ASEM meeting of foreign ministers in Hamburg (28.05.2007)

Still arrested: Nobel prize laureate Aung San Suu Kyi

The ASEM (Asia-Europe Meeting) conference of foreign ministers takes place on Whit Monday in Hamburg: the Society for Threatened Peoples (GfbV) has charged the ASEM with failure in the Burma question. "The sanctions imposed by the EU against Burma will remain ineffective if at the same time the ASEM states and China constantly fill the war-chests of the military junta with new contracts”, criticised the GfbV Asia correspondent, Ulrich Delius, on Friday. The EU foreign ministers must now force their Asian opposite numbers at the ASEM summit to take consistent action against the Burmese regime in order to put a final end to the new wave of compulsory resettlements, expulsions and brutal terror against ethnic minorities.
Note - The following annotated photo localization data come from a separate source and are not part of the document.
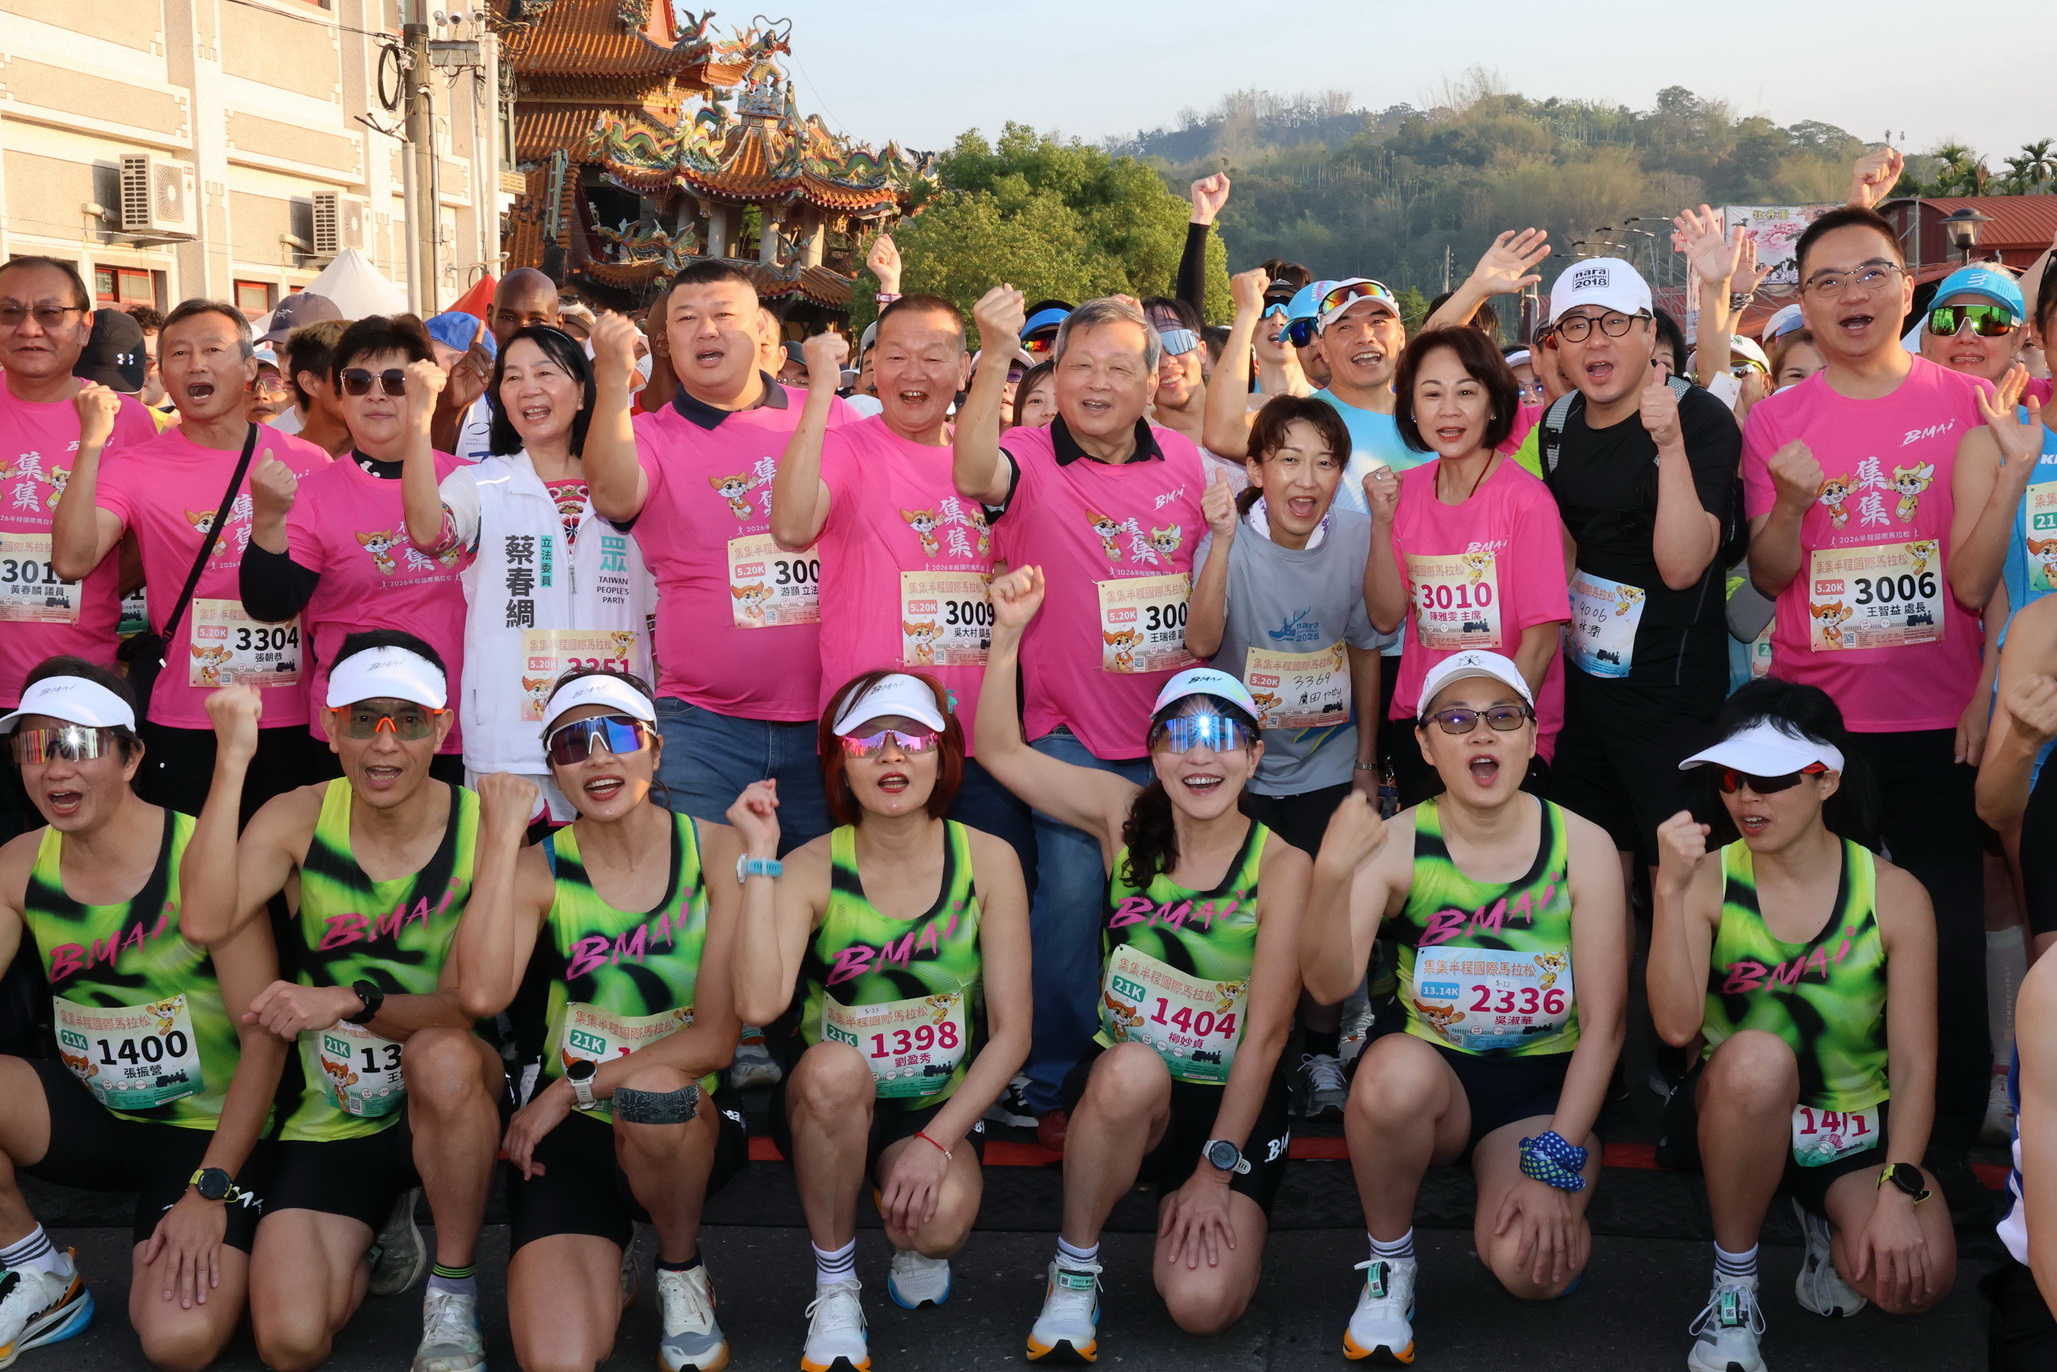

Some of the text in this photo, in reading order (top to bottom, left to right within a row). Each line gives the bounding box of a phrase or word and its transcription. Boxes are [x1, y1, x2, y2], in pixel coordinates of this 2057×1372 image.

[1576, 269, 1606, 278] nara
[1575, 278, 1607, 290] 2018
[1854, 456, 1891, 528] 集集
[938, 496, 973, 559] 集集
[541, 536, 552, 587] 立法委員
[1816, 554, 1909, 574] 集集半程國際馬拉松
[737, 566, 765, 577] 5.20K
[596, 585, 630, 595] PEOPLE'S
[598, 576, 629, 586] TAIWAN
[1816, 583, 1844, 593] 5.20K
[1854, 571, 1937, 605] 3006
[45, 586, 65, 597] 議員
[602, 596, 625, 605] PARTY
[1420, 581, 1493, 610] 3010
[910, 603, 937, 612] 5.20K
[1109, 611, 1137, 622] 5.20K
[1461, 610, 1482, 621] 主席
[1866, 602, 1926, 618] 王智益 處長
[199, 629, 228, 639] 5.20K
[1296, 620, 1319, 630] nara
[235, 626, 300, 652] 3304
[1295, 633, 1320, 642] 2025
[1251, 676, 1278, 687] 5.20K
[1293, 672, 1332, 690] 3369
[1424, 959, 1536, 978] 集集半程國際馬拉松
[1118, 957, 1216, 1003] 集集半程國際馬拉松
[1114, 978, 1143, 1001] 21K
[1423, 986, 1459, 996] 13.14K
[1469, 984, 1565, 1015] 2336
[575, 1010, 676, 1040] 集集半程國際馬拉松
[1150, 997, 1237, 1040] 1404
[62, 1032, 87, 1050] 21K
[97, 1030, 188, 1066] 1400
[325, 1037, 349, 1056] 21K
[572, 1032, 604, 1053] 21K
[870, 1022, 959, 1059] 1398
[1168, 1031, 1204, 1050] 柳妙貞
The ASEM must in particular make sure that all 500,000 refugees and persons in Burma who have been driven out can be cared for by relief organisations without let or hindrance. Attacks by the army on humanitarian aid workers have in recent months caused a dramatic deterioration in the provision of aid. At the ASEM meeting of foreign ministers in Hamburg 43 Asian and European countries will be represented.

 

Information provided by the GfbV show that since 1996 more than 3000 villages of ethnic minorities have been destroyed or compulsorily resettled. 50,000 members of the Chin people have had in the past year to flee for refuge abroad from the terror of the army”, reported Delius. The number of refugees among the Karen and Shan is even greater. In the first half of 2006 28,000 Karen were compulsorily resettled and 7,700 farm-houses of this minority destroyed. Rape, torture, plundering and forced labour are part of the everyday life of many minorities in the country, which is made up of many nationalities. In the area inhabited by the Karen alone human rights workers have registered 959 cases of rape. In 91 work-camps huge numbers of dissidents and people of different nationalities are being held. In the prisons more than 1,100 members of the opposition are being held for political reasons. Last week a further 62 were arrested. Christian minorities such as the Karen complain of systematic persecution. Muslims too, like the Rohingya, are restricted in their freedom of worship.

 

In spite of these violations of human rights Thailand on 16th May closed the office of the UN High Commissioner for Refugees (UNHCR) because refugees from Burma were not to be granted entry, criticised Delius. "Thai declarations of solidarity with the Nobel peace prize winner Aung San Suu Kyi are no more than lip-service if victims of this dictatorship are granted no protection.”

 

Both Thailand and China are investing in Burma to ensure the delivery of raw materials and sources of energy. For the construction of four dams by Chinese and Thai companies hundreds of thousands of people from the ethnic communities of the Shan and Karen along the Salween River have been resettled compulsorily. 300,000 Shan have already been driven away to maker way for the Tasang dam. A further 500,000 Mon, Karen and Shan are immediately affected by the consequences of the mammoth project, for several hundred square kilometres of pasture-land are to be flooded with this dam, which is the largest one planned in South-east Asia. Delius fears that as in the case of other large projects many people from various nationalities and forced workers will be committed to the construction work.

 

China has increased its interest in the oil and natural gas industry of Burma this spring. In April the construction was announced of a pipe-line for oil and natural gas from the Burmese deep water harbour of Sittwe to Kumming in China.